__Work required__: All entries must be transcribed exactly, down to the last character.

━━━━━━━━━━

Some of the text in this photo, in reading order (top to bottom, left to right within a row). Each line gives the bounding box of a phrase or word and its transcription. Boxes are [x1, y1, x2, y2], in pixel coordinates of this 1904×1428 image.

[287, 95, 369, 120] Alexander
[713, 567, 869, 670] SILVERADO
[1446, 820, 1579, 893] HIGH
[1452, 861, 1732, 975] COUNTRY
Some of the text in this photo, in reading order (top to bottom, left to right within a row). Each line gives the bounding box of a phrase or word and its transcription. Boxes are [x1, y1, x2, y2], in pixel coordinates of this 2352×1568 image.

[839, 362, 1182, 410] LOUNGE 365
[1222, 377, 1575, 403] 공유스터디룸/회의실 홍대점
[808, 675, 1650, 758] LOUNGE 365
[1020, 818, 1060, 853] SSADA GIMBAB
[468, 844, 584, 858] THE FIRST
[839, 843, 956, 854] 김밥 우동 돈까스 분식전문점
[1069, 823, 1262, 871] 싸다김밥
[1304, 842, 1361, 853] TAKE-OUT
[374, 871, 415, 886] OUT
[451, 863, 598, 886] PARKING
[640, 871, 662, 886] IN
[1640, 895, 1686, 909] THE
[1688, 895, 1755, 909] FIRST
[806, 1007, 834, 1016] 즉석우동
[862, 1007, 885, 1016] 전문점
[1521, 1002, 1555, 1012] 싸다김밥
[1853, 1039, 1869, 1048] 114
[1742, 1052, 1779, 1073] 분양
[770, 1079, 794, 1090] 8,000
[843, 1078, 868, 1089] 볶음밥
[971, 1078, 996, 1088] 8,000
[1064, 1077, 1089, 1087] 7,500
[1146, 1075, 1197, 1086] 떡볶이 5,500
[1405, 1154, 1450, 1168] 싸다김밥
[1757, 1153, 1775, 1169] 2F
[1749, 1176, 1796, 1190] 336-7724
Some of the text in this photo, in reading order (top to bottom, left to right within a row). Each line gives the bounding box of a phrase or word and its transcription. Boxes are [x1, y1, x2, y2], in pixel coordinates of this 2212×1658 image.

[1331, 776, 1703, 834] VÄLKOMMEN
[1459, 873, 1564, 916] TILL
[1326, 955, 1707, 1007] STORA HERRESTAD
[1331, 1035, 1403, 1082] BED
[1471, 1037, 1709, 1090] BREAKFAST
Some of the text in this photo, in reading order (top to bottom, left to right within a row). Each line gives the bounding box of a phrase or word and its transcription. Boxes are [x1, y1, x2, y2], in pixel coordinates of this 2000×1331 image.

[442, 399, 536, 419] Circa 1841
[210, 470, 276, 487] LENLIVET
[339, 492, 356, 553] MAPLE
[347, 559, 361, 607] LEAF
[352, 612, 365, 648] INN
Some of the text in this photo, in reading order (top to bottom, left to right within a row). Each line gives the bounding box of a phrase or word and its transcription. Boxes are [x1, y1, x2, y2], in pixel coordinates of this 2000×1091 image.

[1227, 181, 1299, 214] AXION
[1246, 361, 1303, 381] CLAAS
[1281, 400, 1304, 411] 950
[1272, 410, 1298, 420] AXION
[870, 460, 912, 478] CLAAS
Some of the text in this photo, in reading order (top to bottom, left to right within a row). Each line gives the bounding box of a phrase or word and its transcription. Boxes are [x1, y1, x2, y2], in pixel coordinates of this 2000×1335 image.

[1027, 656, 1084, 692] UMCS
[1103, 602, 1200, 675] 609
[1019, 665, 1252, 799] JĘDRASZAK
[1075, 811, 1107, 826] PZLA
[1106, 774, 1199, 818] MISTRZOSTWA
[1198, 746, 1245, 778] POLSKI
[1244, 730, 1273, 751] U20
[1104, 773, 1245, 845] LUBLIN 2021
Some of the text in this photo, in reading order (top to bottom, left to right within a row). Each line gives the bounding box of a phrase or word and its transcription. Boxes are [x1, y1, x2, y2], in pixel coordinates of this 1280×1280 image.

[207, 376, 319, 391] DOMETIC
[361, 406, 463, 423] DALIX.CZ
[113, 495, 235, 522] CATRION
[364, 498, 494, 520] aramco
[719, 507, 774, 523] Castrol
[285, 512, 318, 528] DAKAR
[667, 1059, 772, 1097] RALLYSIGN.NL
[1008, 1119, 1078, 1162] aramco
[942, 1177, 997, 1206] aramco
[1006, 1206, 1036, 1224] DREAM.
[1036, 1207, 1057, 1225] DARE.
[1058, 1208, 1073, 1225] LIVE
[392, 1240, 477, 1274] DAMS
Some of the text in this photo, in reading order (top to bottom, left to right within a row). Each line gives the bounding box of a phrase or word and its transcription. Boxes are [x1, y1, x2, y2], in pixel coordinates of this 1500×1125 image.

━━━━━━━━━━

__Reply__:
Some of the text in this photo, in reading order (top to bottom, left to right within a row). Each line gives the bounding box of a phrase or word and its transcription. Boxes are [x1, y1, x2, y2], in pixel coordinates of this 1904×1428 image.

[287, 95, 369, 120] Alexander
[713, 567, 869, 670] SILVERADO
[1446, 820, 1579, 893] HIGH
[1452, 861, 1732, 975] COUNTRY
Some of the text in this photo, in reading order (top to bottom, left to right within a row). Each line gives the bounding box of a phrase or word and its transcription. Boxes are [x1, y1, x2, y2], in pixel coordinates of this 2352×1568 image.

[839, 362, 1182, 410] LOUNGE 365
[1222, 377, 1575, 403] 공유스터디룸/회의실 홍대점
[808, 675, 1650, 758] LOUNGE 365
[1020, 818, 1060, 853] SSADA GIMBAB
[468, 844, 584, 858] THE FIRST
[839, 843, 956, 854] 김밥 우동 돈까스 분식전문점
[1069, 823, 1262, 871] 싸다김밥
[1304, 842, 1361, 853] TAKE-OUT
[374, 871, 415, 886] OUT
[451, 863, 598, 886] PARKING
[640, 871, 662, 886] IN
[1640, 895, 1686, 909] THE
[1688, 895, 1755, 909] FIRST
[806, 1007, 834, 1016] 즉석우동
[862, 1007, 885, 1016] 전문점
[1521, 1002, 1555, 1012] 싸다김밥
[1853, 1039, 1869, 1048] 114
[1742, 1052, 1779, 1073] 분양
[770, 1079, 794, 1090] 8,000
[843, 1078, 868, 1089] 볶음밥
[971, 1078, 996, 1088] 8,000
[1064, 1077, 1089, 1087] 7,500
[1146, 1075, 1197, 1086] 떡볶이 5,500
[1405, 1154, 1450, 1168] 싸다김밥
[1757, 1153, 1775, 1169] 2F
[1749, 1176, 1796, 1190] 336-7724
Some of the text in this photo, in reading order (top to bottom, left to right within a row). Each line gives the bounding box of a phrase or word and its transcription. Boxes are [x1, y1, x2, y2], in pixel coordinates of this 2212×1658 image.

[1331, 776, 1703, 834] VÄLKOMMEN
[1459, 873, 1564, 916] TILL
[1326, 955, 1707, 1007] STORA HERRESTAD
[1331, 1035, 1403, 1082] BED
[1471, 1037, 1709, 1090] BREAKFAST
Some of the text in this photo, in reading order (top to bottom, left to right within a row). Each line gives the bounding box of a phrase or word and its transcription. Boxes are [x1, y1, x2, y2], in pixel coordinates of this 2000×1331 image.

[442, 399, 536, 419] Circa 1841
[210, 470, 276, 487] LENLIVET
[339, 492, 356, 553] MAPLE
[347, 559, 361, 607] LEAF
[352, 612, 365, 648] INN
Some of the text in this photo, in reading order (top to bottom, left to right within a row). Each line gives the bounding box of a phrase or word and its transcription. Boxes are [x1, y1, x2, y2], in pixel coordinates of this 2000×1091 image.

[1227, 181, 1299, 214] AXION
[1246, 361, 1303, 381] CLAAS
[1281, 400, 1304, 411] 950
[1272, 410, 1298, 420] AXION
[870, 460, 912, 478] CLAAS
Some of the text in this photo, in reading order (top to bottom, left to right within a row). Each line gives the bounding box of a phrase or word and its transcription. Boxes are [x1, y1, x2, y2], in pixel coordinates of this 2000×1335 image.

[1027, 656, 1084, 692] UMCS
[1103, 602, 1200, 675] 609
[1019, 665, 1252, 799] JĘDRASZAK
[1075, 811, 1107, 826] PZLA
[1106, 774, 1199, 818] MISTRZOSTWA
[1198, 746, 1245, 778] POLSKI
[1244, 730, 1273, 751] U20
[1104, 773, 1245, 845] LUBLIN 2021
Some of the text in this photo, in reading order (top to bottom, left to right within a row). Each line gives the bounding box of a phrase or word and its transcription. Boxes are [x1, y1, x2, y2], in pixel coordinates of this 1280×1280 image.

[207, 376, 319, 391] DOMETIC
[361, 406, 463, 423] DALIX.CZ
[113, 495, 235, 522] CATRION
[364, 498, 494, 520] aramco
[719, 507, 774, 523] Castrol
[285, 512, 318, 528] DAKAR
[667, 1059, 772, 1097] RALLYSIGN.NL
[1008, 1119, 1078, 1162] aramco
[942, 1177, 997, 1206] aramco
[1006, 1206, 1036, 1224] DREAM.
[1036, 1207, 1057, 1225] DARE.
[1058, 1208, 1073, 1225] LIVE
[392, 1240, 477, 1274] DAMS
Some of the text in this photo, in reading order (top to bottom, left to right within a row). Each line gives the bounding box of a phrase or word and its transcription. Boxes are [x1, y1, x2, y2], in pixel coordinates of this 1500×1125 image.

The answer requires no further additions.